Элайза Грэнвилл - Гретель и тьма
Беньямин догнал Вильгельма.
– Что она сделала?
– Кто?
– Девушка в клети, – нетерпеливо ответил он. – Судя по ее виду, она тут слишком давно. Что она наделала?
– Тут все пусто, мой юный друг. Сюда мы их сажаем в самом крайнем случае. А что до задержаться, так часа обычно хватает, чтобы избавить их от скверных привычек. Только завидят мышиный хвост, так сразу визжать…
– Я видел девушку, – упорствовал Беньямин. – Давай вернемся. Сам глянешь.
– У тебя либо хорошее воображение, – сказал Вильгельм, показывая, что все клети не заперты и решительно пусты, – или же ты уговорил меня спуститься, потому что хочешь остаться со мной наедине. Я-то не против, ты же понимаешь. – Он сжал Беньямину бицепс. – Но тут найдутся места поздоровее.
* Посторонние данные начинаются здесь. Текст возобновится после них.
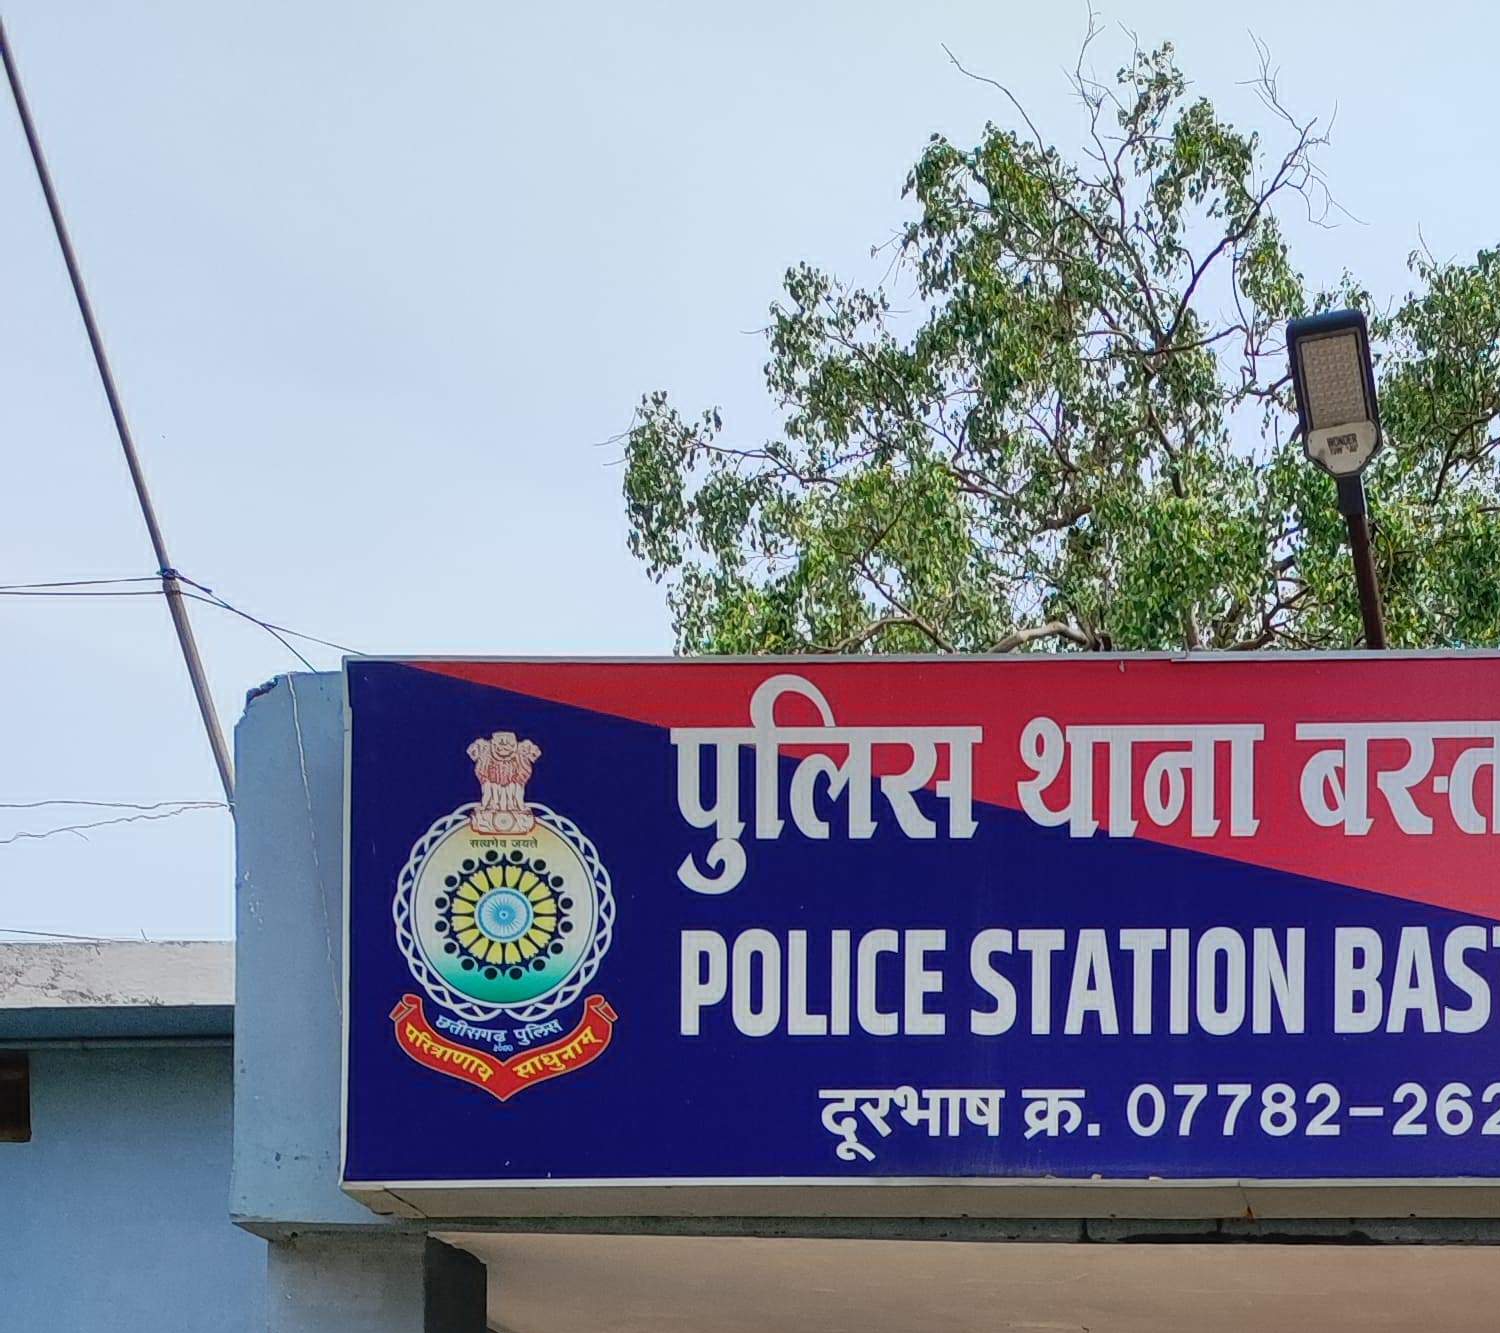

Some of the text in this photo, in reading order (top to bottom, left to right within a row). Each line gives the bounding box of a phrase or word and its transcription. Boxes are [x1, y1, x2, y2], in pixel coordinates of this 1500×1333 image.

[670, 675, 982, 894] पुलिस
[1018, 717, 1264, 837] थाना
[681, 929, 945, 1036] POLICE
[971, 927, 1305, 1035] STATION
[513, 1018, 563, 1046] पुलिस
[819, 1086, 1005, 1161] दूरभाष
[1022, 1090, 1099, 1139] क्र.
Беньямин промолчал. Еще ребенком он изводил раввина Блехманна заявлениями, что его всю дорогу до синагоги преследуют призраки. Старик ответил ему двухчасовой лекцией, заверявшей, что, согласно народной мудрости, мятущиеся духи и впрямь существуют; увидеть такого – благословение, ибо в жизни они были богобоязненными евреями, однако с ними ни в коем случае нельзя советоваться. Позднее Беньямин размышлял, означает ли это, что духи живут вне времени и поэтому вся история человечества разворачивается пред ними живой картиной. Ребе объяснял, с дотошными отсылками к Книге пророка Самуила и Книге Царств, что, хотя эти овот почти никак не связаны с земными желаниями, существуют еще и диббук — злые духи, и вот они могут искать какое-нибудь тело, чтобы им завладеть. Девушка не была ни тем ни другим, он не сомневался. Когда они с Вильгельмом выбрались обратно в коридор, Беньямин почти уверился, что вообразил ее себе. А ее предупреждение… что ж, оно, может, тоже самонаведенное. Если это от одной затяжки той сигаретой, то больше ему этого не надо, увольте.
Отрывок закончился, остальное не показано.